L’ultimo saluto a Daniele, giornalista che tutti avrebbero voluto per amico

Ho letto tanto su un amico che se ne è andato l’ultimo dell’anno e mi sono detto: li hai stesi tutti, hanno detto belle cose su di te, nessuno ha osato scrivere una parola che non fosse vera. Non c’è stato capoverso che non fosse sincero. Niente retorica o ipocrisia, solo ritratti che ti ricordavano così come eri.

Era un tipo pacioso e focoso Daniele, uno a cui ho sempre invidiato una qualità. Ti faceva venire la voglia di chiamarlo quando avevi dentro una domanda a cui non riuscivi a dare una risposta.

Negli ultimi tempi l’ho sentito più spesso al telefono di quanto non l’abbia visto di persona.

Siamo stati compagni in più di una trasferta di pugilato e colleghi nella progettazione, assieme a Gianfranco Colasante, del Museo della Boxe che è stato aperto in febbraio ad Assisi. Non sto qui a parlare di competenza, parlo di passione. Amava il pugilato, ma soprattutto amava i pugili. Lo vedevo quando gli parlava, li guardava con gli occhi del papà. Gli sembravano tutti bravi, anche i più scarsi.

Sul giornale non faceva sconti. Dava ai protagonisti dello sport quello che meritavano.

Agli amici invece dava sempre di più di quanto loro non dessero a lui.

E come un boomerang quel testimone è tornato a casa. Ho letto cose bellissime in memoria di Daniele Redaelli. Ed erano tutte vere.

Aveva 65 anni, quaranta dei quali li aveva trascorsi alla Gazzetta dello Sport. Mi sarebbe piaciuto lavorare in quella redazione di sport vari che ha amministrato a lungo con professionalità e umanità. Ne ho avuto testimonianza da colleghi, ne ho avuto conferma dal mio amico Riccardo Romani che nella dedica per il libro su Monzon che abbiamo scritto insieme l’ha ricordato così: “A nonno Mariano che mi ha fatto incontrare la boxe, all’amico Daniele che me l’ha fatta amare.”

E quando quel libro l’abbiamo presentato a Forlì, Daniele ha fatto un’incursione a sorpresa.

“Dario, non dirlo a Riccardo. Voglio vedere come ci rimane.”

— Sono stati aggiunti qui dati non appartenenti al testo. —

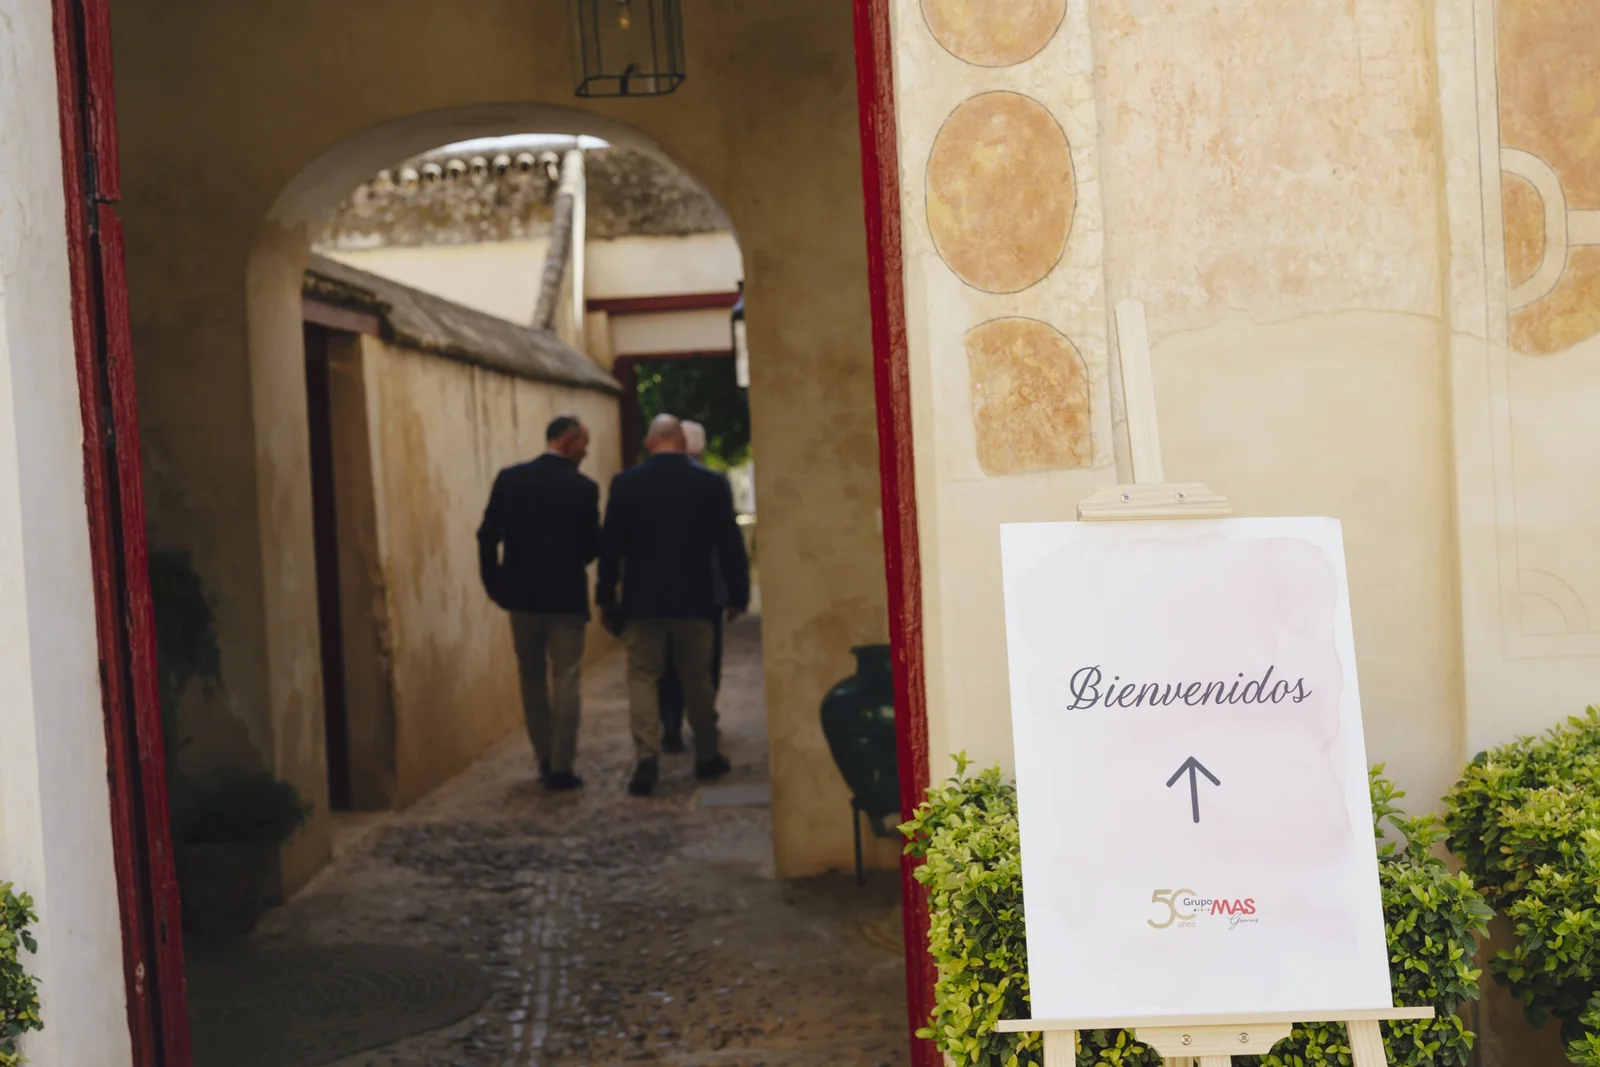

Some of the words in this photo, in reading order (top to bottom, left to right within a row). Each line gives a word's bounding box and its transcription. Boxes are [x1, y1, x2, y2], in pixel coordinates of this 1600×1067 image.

[1066, 664, 1312, 711] Bienvenidos
[1183, 897, 1213, 907] Grupo
[1210, 898, 1256, 915] MAS
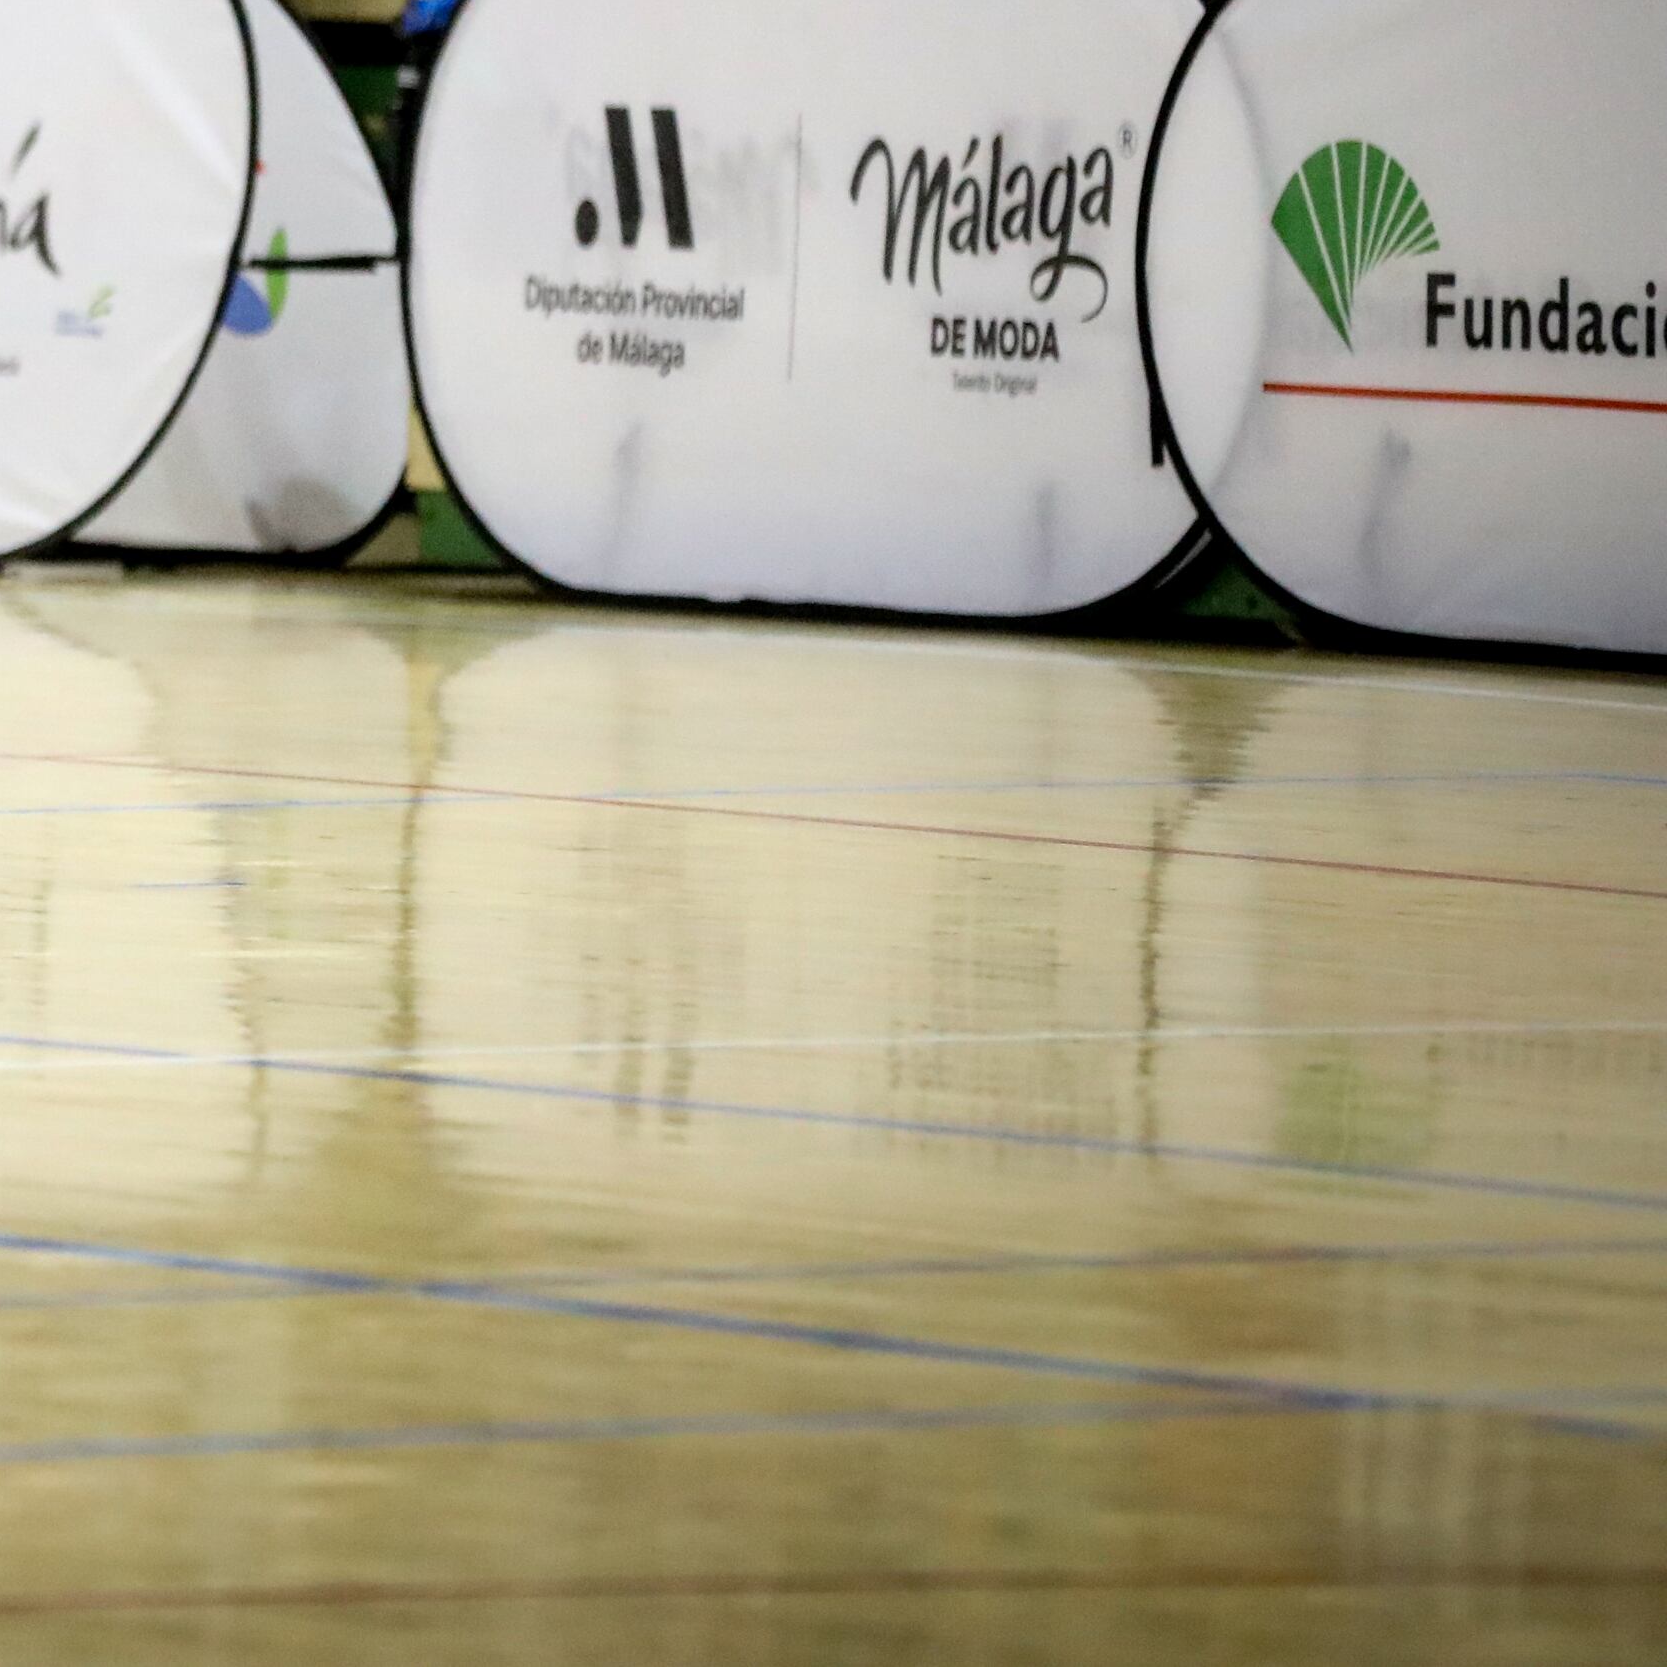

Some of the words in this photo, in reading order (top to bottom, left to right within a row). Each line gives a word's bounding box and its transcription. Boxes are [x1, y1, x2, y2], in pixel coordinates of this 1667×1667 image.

[849, 132, 1113, 324] Málaga
[641, 281, 746, 321] Provincial
[1425, 272, 1667, 357] Fundaci
[576, 332, 604, 365] de
[609, 332, 685, 378] Málaga
[930, 316, 967, 356] DE
[973, 318, 1060, 362] MODA

E Riccardo c’era rimasto benissimo, al limite delle lacrime.

Daniele era arrivato da Milano, aveva assistito alla presentazione ed era ripartito per Milano. Seicento chilometri tra andata e ritorno, la metà dei quali nel buio della notte.

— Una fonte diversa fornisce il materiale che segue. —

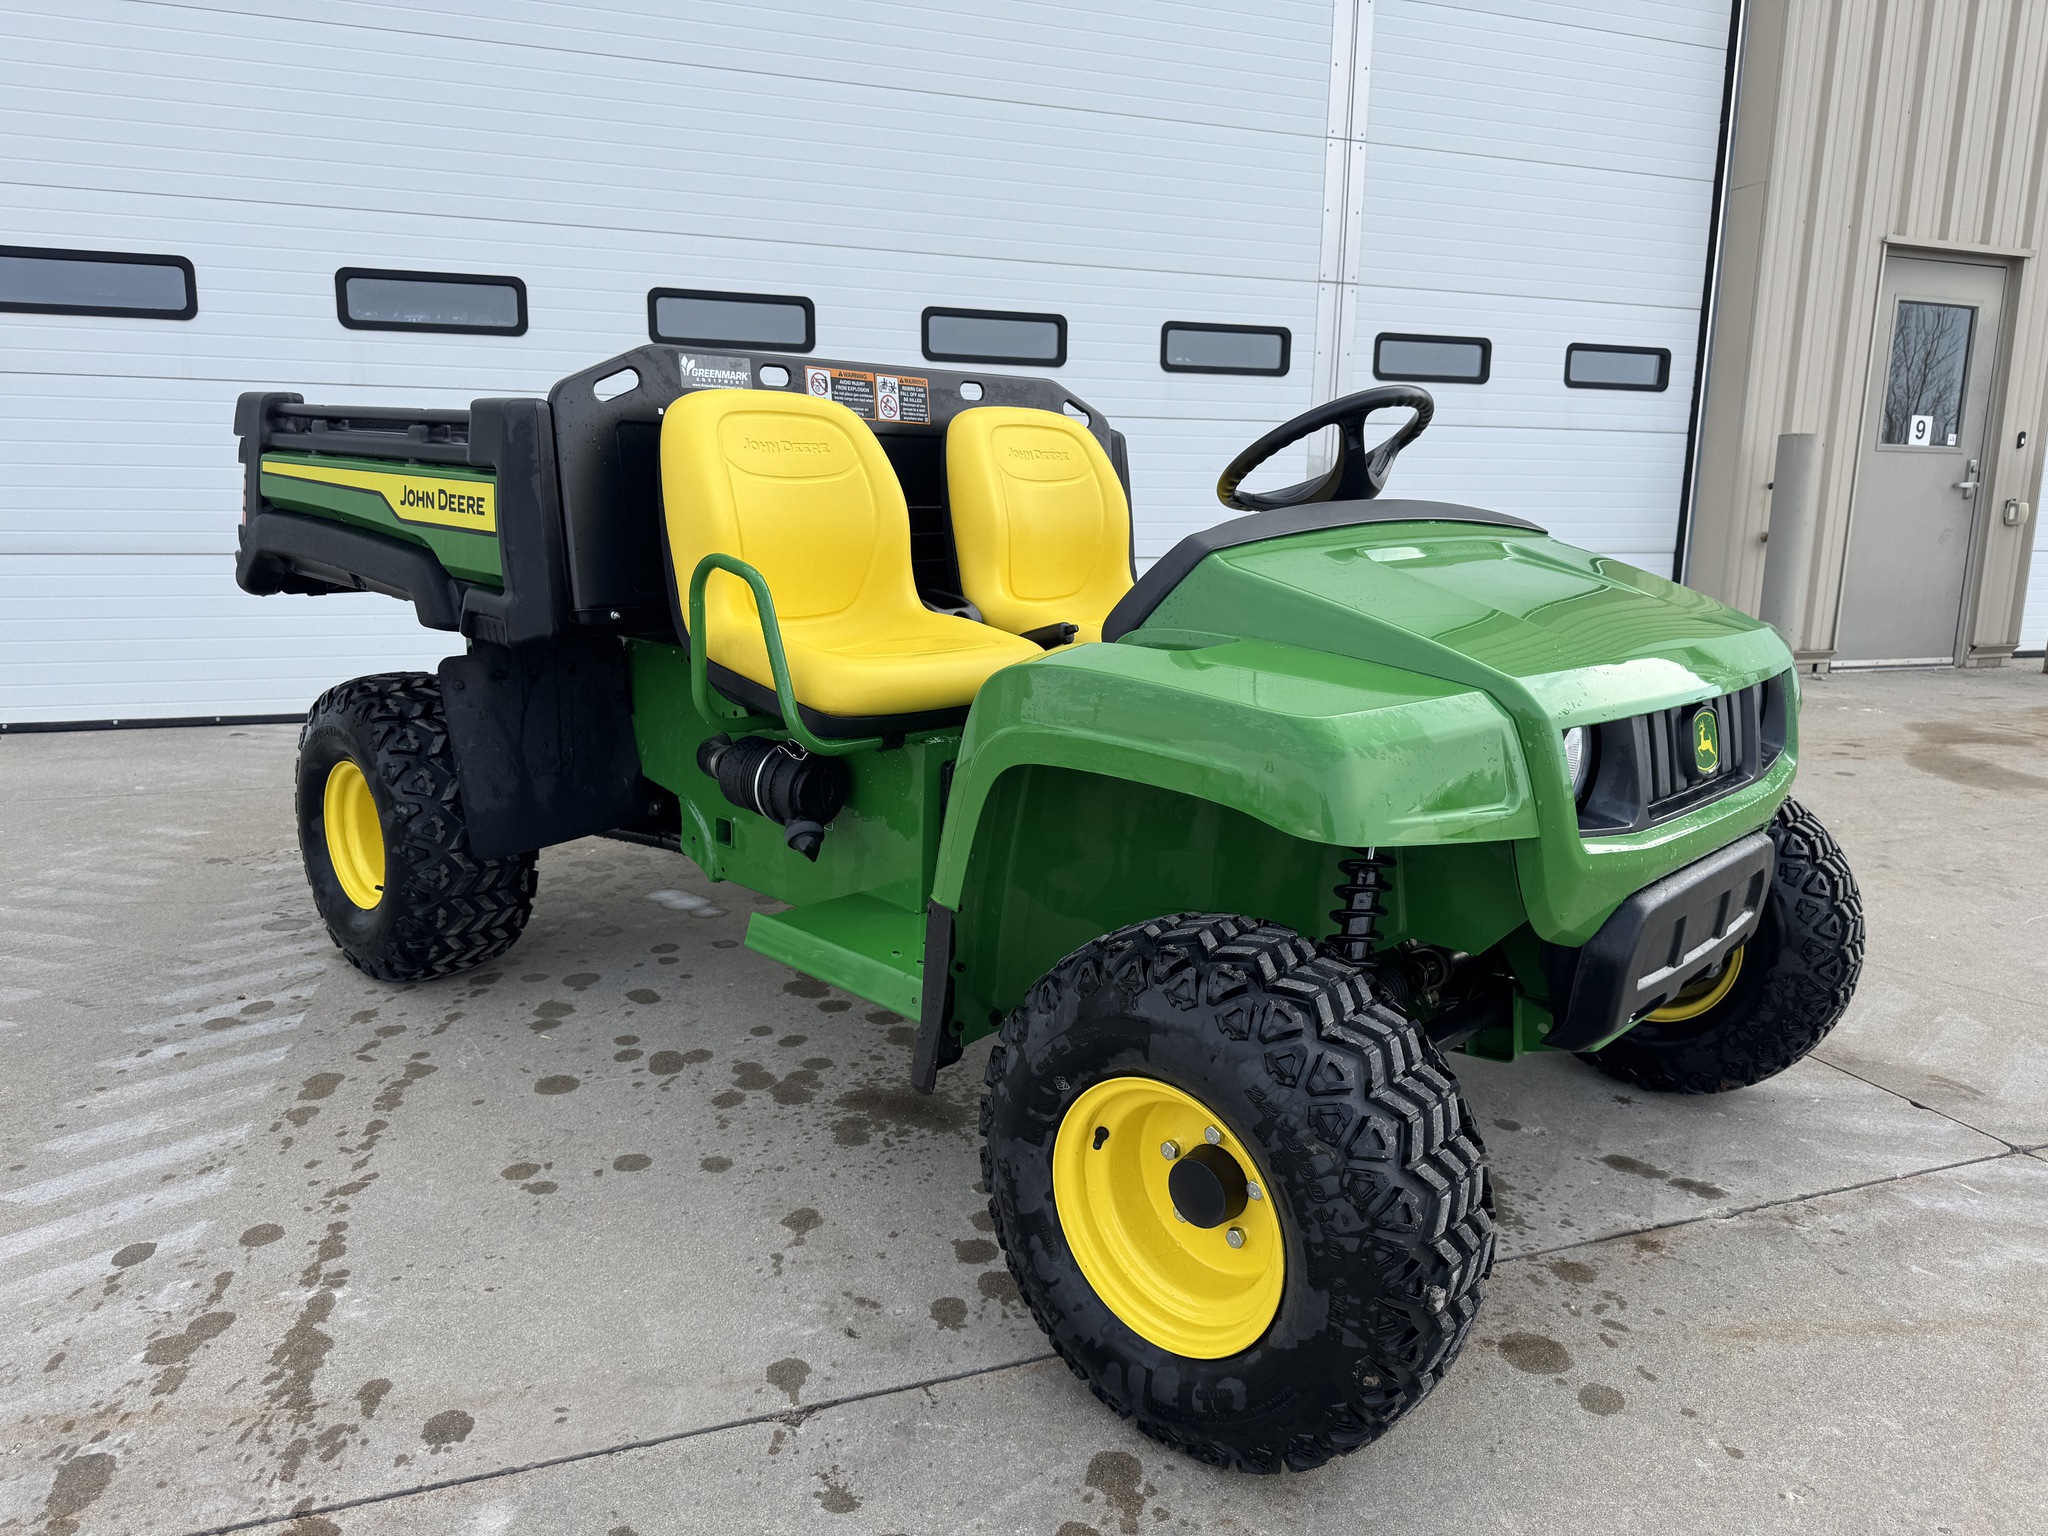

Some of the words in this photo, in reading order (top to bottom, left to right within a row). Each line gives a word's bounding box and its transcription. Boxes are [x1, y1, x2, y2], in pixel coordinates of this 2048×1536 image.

Era fatto così, la gioia di un amico era anche la sua.

Solo ritratti sinceri per lui, non merita né retorica né ipocrisia.

Così è stato.

Li hai stesi Daniele.

Nessuno ha osato dire su di te una parola che non fosse vera.

Ed erano tutte belle.

Il funerale di Daniele Redaelli sarà celebrato a Sesto San Giovanni presso la Basilica Santo Stefano, mercoledì 3 gennaio alle ore 10. La camera ardente sarà aperta martedì 2 gennaio, dalle 8.30 alle 16 all’Ospedale di Vimercate.